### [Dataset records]
-- Opening Marker --

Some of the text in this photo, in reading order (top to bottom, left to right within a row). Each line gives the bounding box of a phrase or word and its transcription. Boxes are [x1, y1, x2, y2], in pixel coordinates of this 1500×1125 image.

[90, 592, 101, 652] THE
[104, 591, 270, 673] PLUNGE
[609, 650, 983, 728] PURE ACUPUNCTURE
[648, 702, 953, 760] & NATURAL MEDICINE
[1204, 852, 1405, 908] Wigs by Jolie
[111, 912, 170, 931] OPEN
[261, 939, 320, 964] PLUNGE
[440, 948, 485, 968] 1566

-- Closing Marker --

### [What you have to do]
Give back the entries exactly. Omit none of them.

### [Completed task]
Some of the text in this photo, in reading order (top to bottom, left to right within a row). Each line gives the bounding box of a phrase or word and its transcription. Boxes are [x1, y1, x2, y2], in pixel coordinates of this 1500×1125 image.

[90, 592, 101, 652] THE
[104, 591, 270, 673] PLUNGE
[609, 650, 983, 728] PURE ACUPUNCTURE
[648, 702, 953, 760] & NATURAL MEDICINE
[1204, 852, 1405, 908] Wigs by Jolie
[111, 912, 170, 931] OPEN
[261, 939, 320, 964] PLUNGE
[440, 948, 485, 968] 1566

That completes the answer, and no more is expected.